Performance of Image Synthesis Model. To evaluate the quality of the synthetic images generated by 3D-cGAN, we first train the 3D-cGAN model using complete subjects (i.e., containing both PET and MRI) in ADNI-1, and test this image synthesis model on the complete subjects in ADNI-2. Two typical subjects with real and synthetic PET scans are shown in Fig. 4. From Fig. 4, we can observe that our synthetic PET look very similar to their corresponding real images. Also, the mean and standard deviation of PSNR values of synthetic PET images in ADNI-2 are \(24.49\pm 3.46\). These results imply that our trained 3D-cGAN model is reasonable, and the synthetic PET scans have acceptable image quality (in terms of PSNR).

Table 1. Performance of seven different methods in both tasks of AD classification (AD vs. HC classification) and MCI conversion prediction (pMCI vs. sMCI classification).

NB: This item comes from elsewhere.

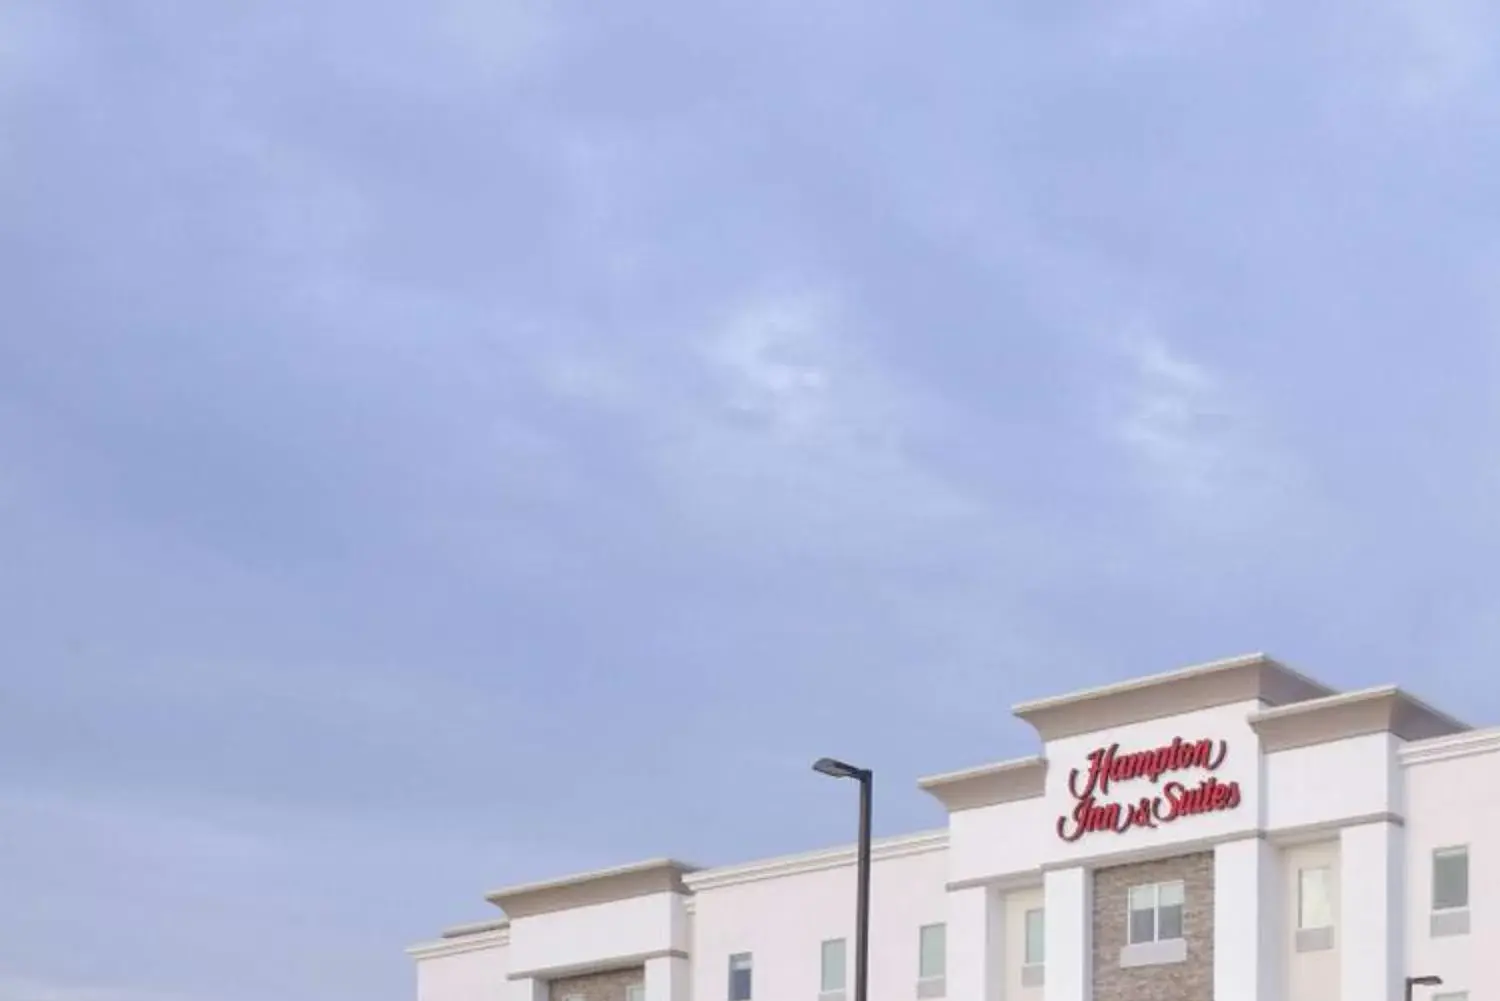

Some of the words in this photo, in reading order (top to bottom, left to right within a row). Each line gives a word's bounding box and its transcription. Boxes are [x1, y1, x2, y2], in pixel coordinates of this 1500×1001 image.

Results of Disease Classification. We further evaluate the effectiveness of our two-stage deep learning method in both tasks of AD classification and MCI conversion prediction. The experimental results achieved by seven different methods are reported in Table 1. From Table 1, we can see that the overall performance of our \(\text {LM}^3\text {IL}\) method is superior to six competing methods regarding six evaluation metrics. Particularly, our method achieves a significantly improved sensitivity value (i.e., nearly 8% higher than the second best sensitivity achieved by ROI) in pMCI vs. sMCI classification. Since higher sensitivity values indicate higher confidence in disease diagnosis, these results imply that our method is reliable in predicting the progression of MCI patients, which is potentially very useful in practice. Besides, as can be seen from Table 1, four methods (i.e., LDSIL, LDMIL, \(\text {LM}^3\text {IL}\)-C and \(\text {LM}^3\text {IL}\)) using deep-learning-based features of MRI and PET usually outperform the remaining three approaches (i.e., ROI, VGD and LLEP) that use hand-crafted features in both classification tasks. This suggests that integrating feature extraction of MRI and PET and classifier model training into a unified framework (as we do in this work) can boost the performance of AD diagnosis. Furthermore, we can see that our \(\text {LM}^3\text {IL}\) method using both MRI and PET generally yields better results than its two single-modal variants (i.e., LDSIL and LDMIL) that use only MRI data. The underlying reason could be that our method can employ the complementary information contained in MRI and PET data. On the other hand, our \(\text {LM}^3\text {IL}\) consistently outperforms \(\text {LM}^3\text {IL}\)-C that utilize only subjects with complete MRI and PET data. These results clearly demonstrate that the synthetic PET images generated by our 3D-cGAN model are useful in promoting brain disease classification performance.

4 Conclusion

In this paper, we have presented a two-stage deep learning framework for AD diagnosis, using incomplete multi-modal imaging data (i.e., MRI and PET). Specifically, in the first stage, to address the issue of missing PET data, we proposed a 3D-cGAN model for imputing those missing PET data based on their corresponding MRI data, considering the relationship between images (i.e., PET and MRI) scanned for the same subject. In the second stage, we developed a landmark-based multi-modal multi-instance neural network for brain disease classification, by using subjects with complete MRI and PET (i.e., both real and synthetic PET). The experimental results demonstrate that the synthetic PET images produced by our method are reasonable, and our proposed two-stage deep learning framework outperforms conventional multi-modal methods for AD classification. Currently, only the synthetic PET images are used for learning the classification models. Using these synthetic MRI data could further augment the training samples for improvement, which will be our future work.